ELEMENTI DI ONCOLOGIA 201 A cura di: BOCCACCINO - PERNA


PARTE 2: CLINICA, DIAGNOSI E TERAPIA
Dal punto di vista epidemiologico l’intraepatico è più frequente dell’extraepatico, e
la frequenza generale è in aumento.
E’ il secondo tumore primitivo per incidenza nel fegato dopo l’epatocarcinoma
(10-25% delle neoplasie maligne epatiche).
L’incidenza negli USA è di 0.88 casi/100000 abitanti/anno, in Asia invece è di 113
casi/100000 abitanti/anno. L’Europa si colloca in una fascia intermedia tra questi
due estremi.
I maschi sono leggermente più soggetti delle femmine (1,5:1). E’ raro prima dei 40
anni, il picco di incidenza è a 70 anni.
Stando a dati raccolti nel 2004 il colangiocarcinoma non rientra tra i tumori più
frequenti nella popolazione generale, ma è tra i più aggressivi e mortali.

FATTORI DI RISCHIO
Possono essere:
- Generali:
- Età > 65,
- diabete,
- Obesità.
- Legati a malattie delle vie biliari:
- colangite sclerosante primitiva (CPS),
- litiasi intraepatica,
- dilatazioni cistiche delle vie biliari come cisti del coledoco, malattia di Caroli,
- cirrosi,
- anastomosi bilio-enterica.
- Infezioni (parassitarie come da opisthorchis viverrini, clonorchis sinensis, virali da
HBV, HCV, HIV) le infezioni parassitarie sono rilevanti soprattutto nei paesi
dell’estremo oriente, mentre da noi questa associazione è praticamente
inesistente.
- Sostanze tossiche e farmaci (Alcool, fumo, thorotrast, diossina, asbesto,
contraccettivi orali, isoniazide)
La maggior parte dei pazienti però non ha fattori di rischio identificati.

Da uno studio effettuato si è visto che in un pool di 2743 pazienti solo l’1% degli
affetti ha la CSP, il 3% presenta litiasi intraepatica, <1% ha malformazioni biliari e
l’8% ha la cirrosi su base virale.
Non c’è una vera popolazione a rischio e per questo non sono attuabili programmi di
screening, a differenza ad esempio dell’epatocarcinoma in cui è possibile una
diagnosi precoce.

ANATOMIA PATOLOGICA
Dal punto di vista macroscopico li possiamo distinguere in:
1) Mass forming, cioè un tumore che forma una massa intraepatica identificabile
che può essere confuso con il liver tumor

2) Periduttale, cioè un tumore che nasce nello spessore della parete duttale.
Determina una stenosi a livello della via biliare principale senza una massa
chiaramente visibile. La caratteristica di questo tumore è che infiltra lungo la parete
le vie biliari con una estensione prevalentemente longitudinale. Questo è importante

ELEMENTI DI ONCOLOGIA 202 A cura di: BOCCACCINO - PERNA


PARTE 2: CLINICA, DIAGNOSI E TERAPIA
da un punto di vista chirurgico soprattutto per quanto riguarda gli interventi di
rimozione radicale del tumore. Proprio per questa sua tendenza ad infiltrare
longitudinalmente la via biliare non è possibile rimuovere solo il segmento
stenotico.

3) Intraduttale, che aggetta nel lume con componente spesso papillare e riversa
materiale neoplastico all’interno del lume. I dotti appaiono dilatati e riempiti di
materiale. È la forma più rara ma è anche quella che dà la prognosi migliore.

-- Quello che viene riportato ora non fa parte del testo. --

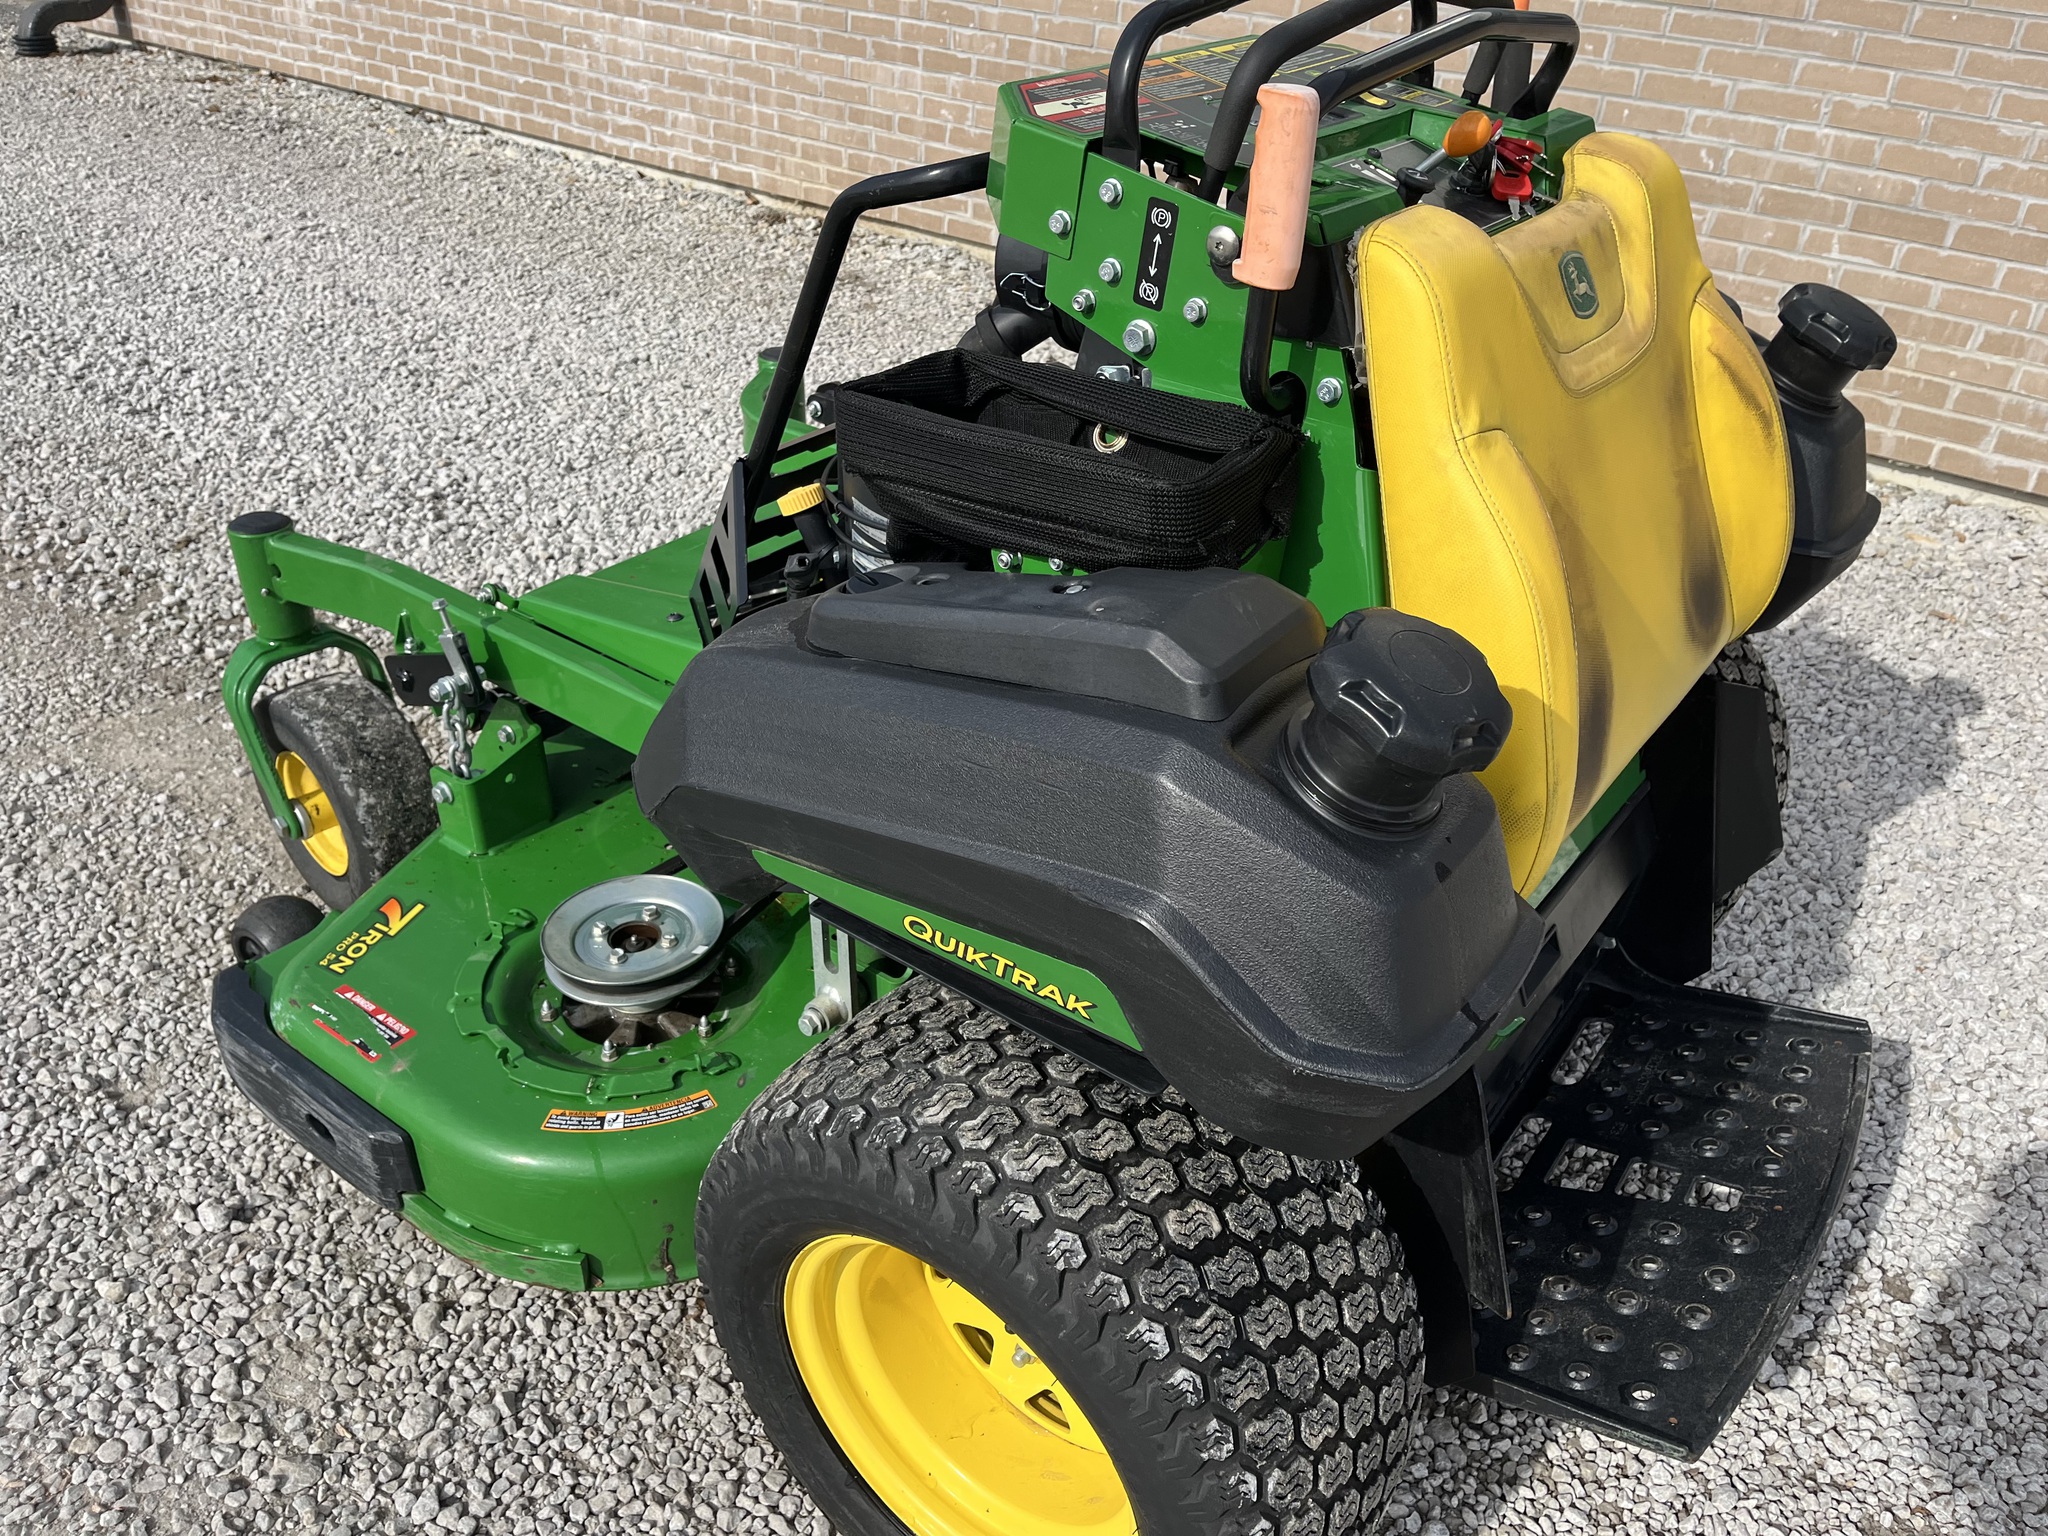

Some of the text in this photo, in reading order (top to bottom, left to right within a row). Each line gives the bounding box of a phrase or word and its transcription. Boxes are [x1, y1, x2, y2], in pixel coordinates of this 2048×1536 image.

Macroscopicamente si presentano con aspetto bianco, lardaceo, duro, sclerotico.


Non sono tumori che si rompono. In questo si differenziano dall’epatocarcinoma
che è un tumore molle che tende a rompersi durante l’intervento. Inoltre sono
spesso multinodulari a causa della tardività della diagnosi.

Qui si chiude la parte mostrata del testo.